Ten Mexican horses intercepted while being smuggled across the Rio Grande river into the United States were suffering from the parasitic disease equine piroplasmosis, authorities have revealed.
The case has highlighted the risks posed to US livestock by animals being smuggled across its border from Mexico.
US Border Patrol agents recently seized the 10 adult horses, along with four yearlings, as smugglers tried to take them across the Rio Grande near Indian Hot Springs, in southern Hudspeth county, south of El Paso.
The animals, described as thoroughbreds, were turned over to United States Department of Agriculture officials, who tested the horses in Presidio, Texas, for several diseases considered foreign to the US.
All 10 of the adult animals tested positive for equine piroplasmosis, which is routinely found in Mexico and many other countries around the world, but is not considered endemic to the US.
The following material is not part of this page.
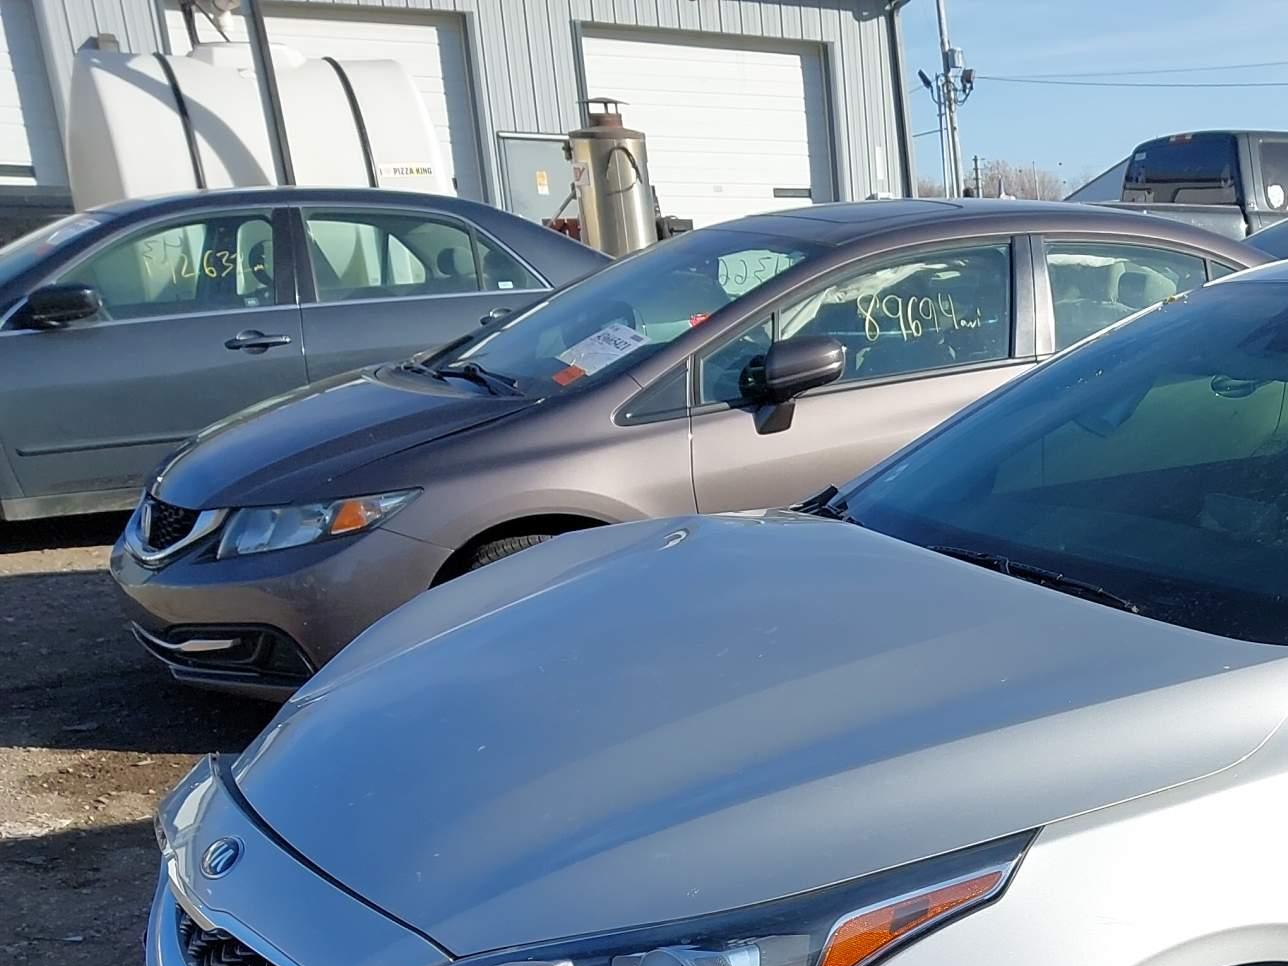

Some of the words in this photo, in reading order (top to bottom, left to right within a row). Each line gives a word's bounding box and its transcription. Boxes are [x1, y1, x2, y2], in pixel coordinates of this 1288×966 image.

[393, 167, 414, 176] PIZZA
[415, 167, 432, 175] KING
[857, 292, 959, 341] 89694
The blood-borne protozoal disease can be fatal to horses and could create major constraints to interstate and international movements if left undetected. It does not affect humans.
El Paso-based field veterinarian Grant Wease, with the US Department of Agriculture, said the illegal movement of animals was an ongoing concern in the vast open spaces of West Texas.
“In some places, the Rio Grande poses no barrier at all to foot traffic for man or animal,” he said.
Wease said that, in 2011, about 280 head of cattle and 160 equines, mainly horses, were intercepted by federal officials along the Rio Grande.
To further complicate the situation, many of the normal import processes for livestock entering Texas have been impacted by border violence, making the attempt to smuggle animals into the state even more tempting.
The investigation of the most recent incident of horse smuggling is ongoing.
Federal agriculture authorities and the Texas Animal Health Commission are working to determine not only the source of the horses, but the possible destination as well.
The commission recently passed rules around equine piroplasmosis requiring testing of racehorses prior to entry into a Texas track, and numerous other states have done the same because of recent cases found in that population of
“Racing quarter horses with some connection to Mexico appear to be at highest risk of testing positive to the emerging disease,” Texas state veterinarian Dee Ellis said.
Although the intercepted horses were described as thoroughbreds, they were considered to be more likely breeding-type animals rather than race-ready horses.
Ellis continued: “This situation highlights the ongoing border security problems Texas is facing, which leads to an increased risk of disease introduction for the Texas livestock population when animals enter our state illegally.
“I encourage all citizens that witness unusual activity regarding livestock movement near the Mexican border to contact their local law enforcement or animal health officials as quickly as possible to report the situation.”